Open Source and Open Standards

open-neon-signRecently we were asked by a client to migrate a web site from one server to another. The web site in question was built on a Content Management System (CMS) called Joomla – a CMS written in PHP and using MySQL for database storage.

I am not fond of Joomla, but that is my personal opinion and don’t let it colour yours. As a programmer I find it heavyweight and overly complex. Lots and lots of code means frequent discoveries of bugs and frequent updates. As my friend Alan Kennedy says “every line of code is a liability” and he is spot on. However we aren’t all programmers and for someone who wants an “out of the box” experience Joomla may well fit the bill. Personally I prefer the excellent WordPress – it may be a ‘only’ a blog system, but it is fantastic for static web sites too and uses a much simpler database schema, although it doesn’t have the extended functionality of Joomla.
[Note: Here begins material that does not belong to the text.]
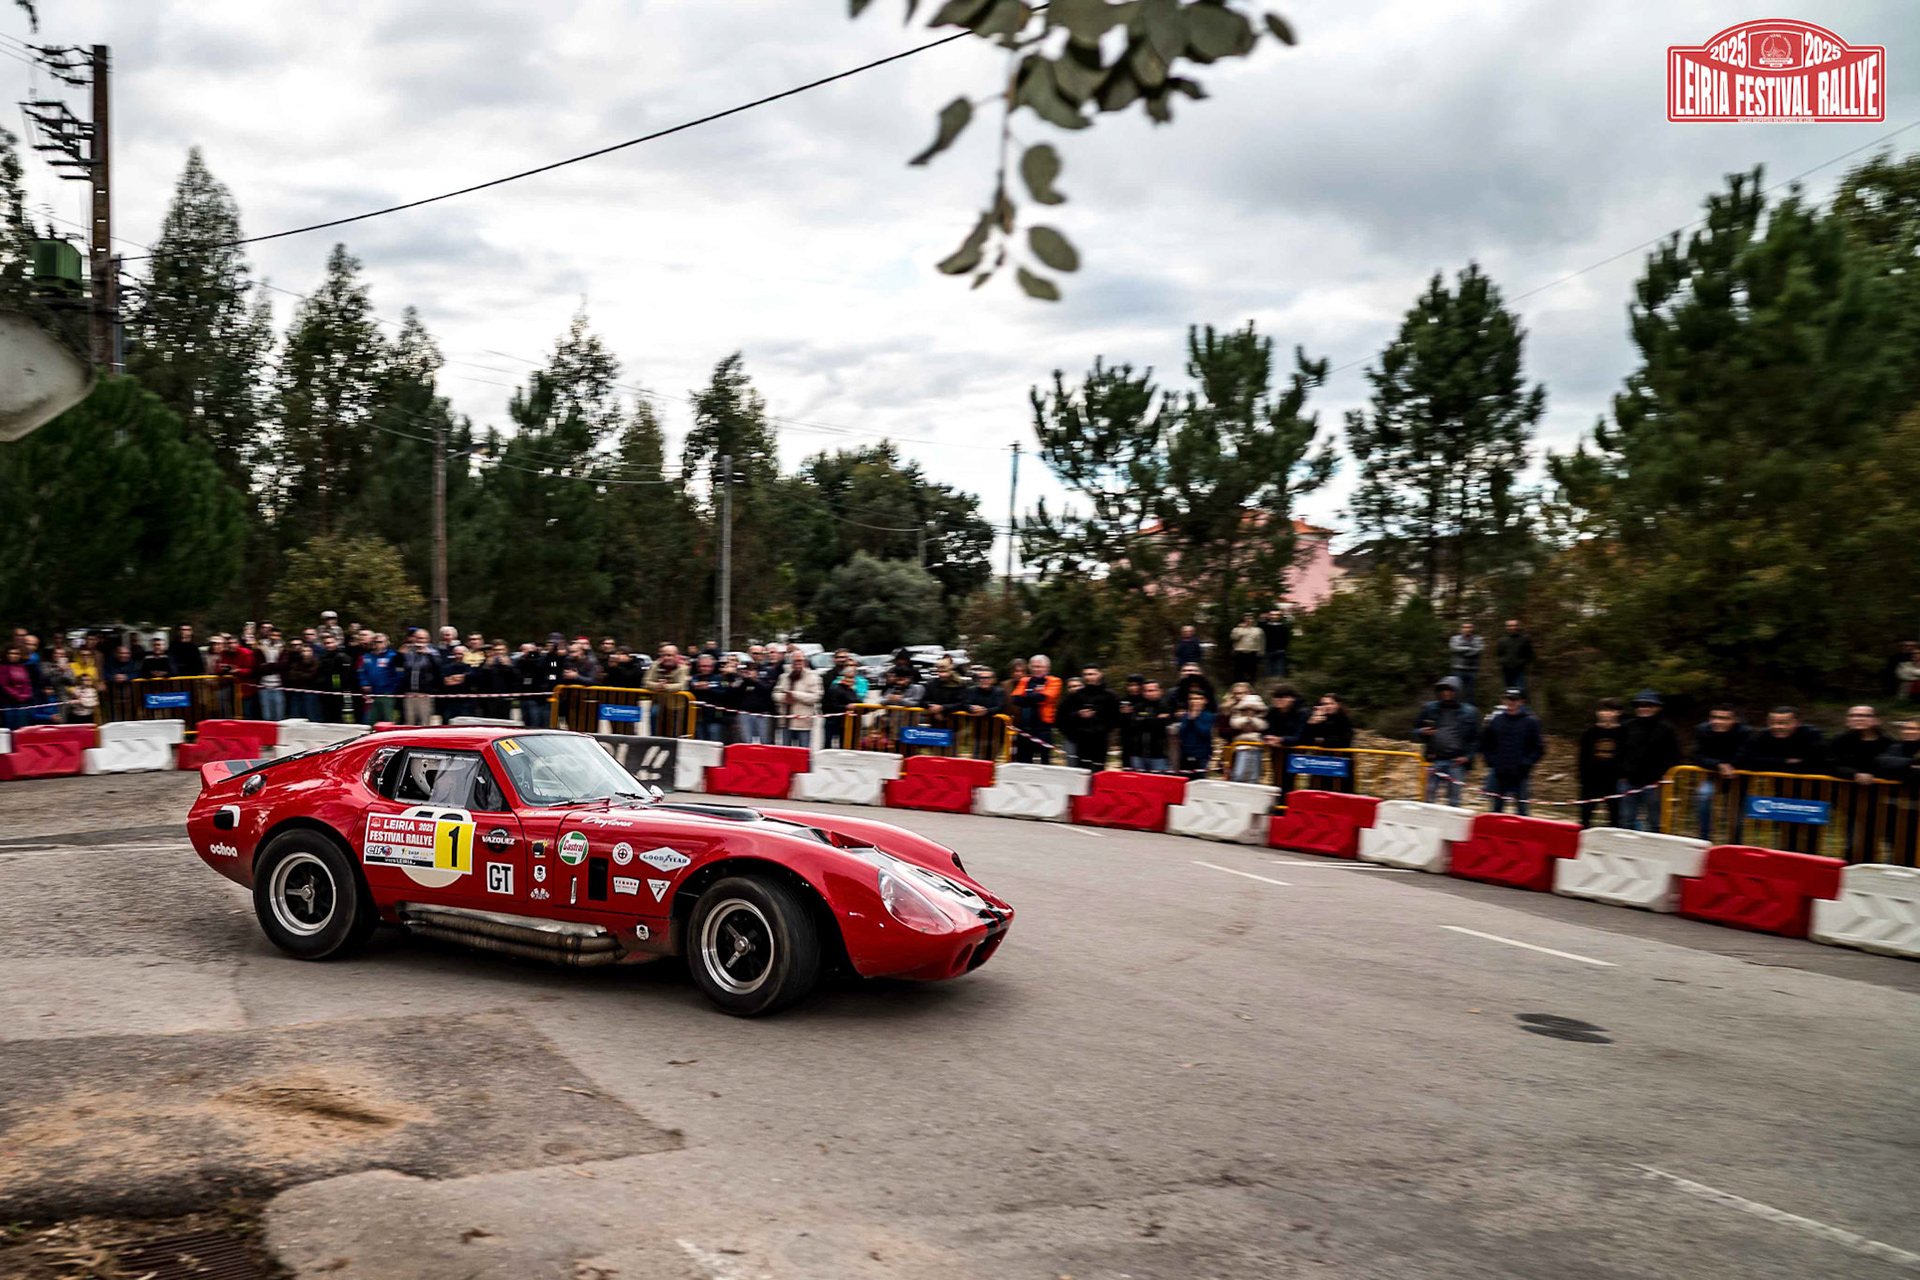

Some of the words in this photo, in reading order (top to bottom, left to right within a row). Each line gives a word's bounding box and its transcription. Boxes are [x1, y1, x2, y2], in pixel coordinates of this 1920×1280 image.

Open Standards – your data, your way

Where am I going with all this? Well what happens when the person you used to create your web site disappears, or when you just want to migrate? If you are stuck into a commercial, closed source and/or proprietary model, you are at the mercy of whatever commercial provider will take you on. If, on the other hand, you are using open standards, then at the very least you have access to all the code and data in your web site.

Recently that is exactly what happened to a client. To make matters worst, his web hosting company had suspended his account because the Joomla installation he was using was old and insecure and had been exploited. We had no access to the old server. What he did have was a backup of his web server directory structure and his database content.

We were able to recreate the exploited and insecure web site on a private/firewalled server and then patch the Joomla installation to an up to date version. Once that was done we could migrate the whole lot to his new server. The complete process took several hours and was only possible because web site was stored in a non-proprietary format.

I’ve been an Open Source advocate for a long time now, but people tend to miss the point of Open Standards. Some more examples:

Microsoft and their new DOCX format.

I’m all for innovation but not for obfuscation. What Microsoft did when they introduced their new format was pretty low.

Notwithstanding the fact that we don’t really need a new document standard (there are several mature open standards out there already), Microsoft made the new format the default file format when you save documents in Office 2007. They then decided to offer free, time-limited demo versions of Office which various PC manufactures started to bundle onto cheap machines as part of the pre-installed crapware that comes on most new PCs.

The real problem happens when the time-limit for your Office demo runs out after 60 days. If you choose not to pay, you can open and view your documents, but there is no simple (and I mean simple for an average user) way to print, copy & paste content or save your document in an alternative format once your demo period expires. I have met plenty of bright people (they aren’t geeks, but you don’t need to be a mechanical engineer to drive a car, do you?) who have been bitten by this.

Solution: Avoid the DOCX format – use RTF, an older Office DOC format or even ditch Office altogether and go for the free and Open Source/Open Standards OpenOffice instead.

Novell Groupwise

I cut my networking teeth with Novell Netware. Groupwise is an email and collaboration system that comes bundled with the Small Business Editions of Novell Netware.

There was (and I don’t know if this has changed) no Novell supported way to migrate from Groupwise to another email system and keep your sent items (and I’m talking about an Open Standard like IMAP here). There were various third party tools available at the time I came across this issue, but there shouldn’t be a need for them – POP and IMAP were allegedly supported in Groupwise. In the end the decision was made just to dump the sent items and learn a valuable lesson about proprietary formats.

The client now uses IMAP to access email on a Linux server and they have since migrated their email server twice and nobody even noticed (apart from the fact that email became more responsive each time).

So buyer beware, Open Standards mean something. They mean your data remains yours and you can never be blackmailed into paying to have access to your own data.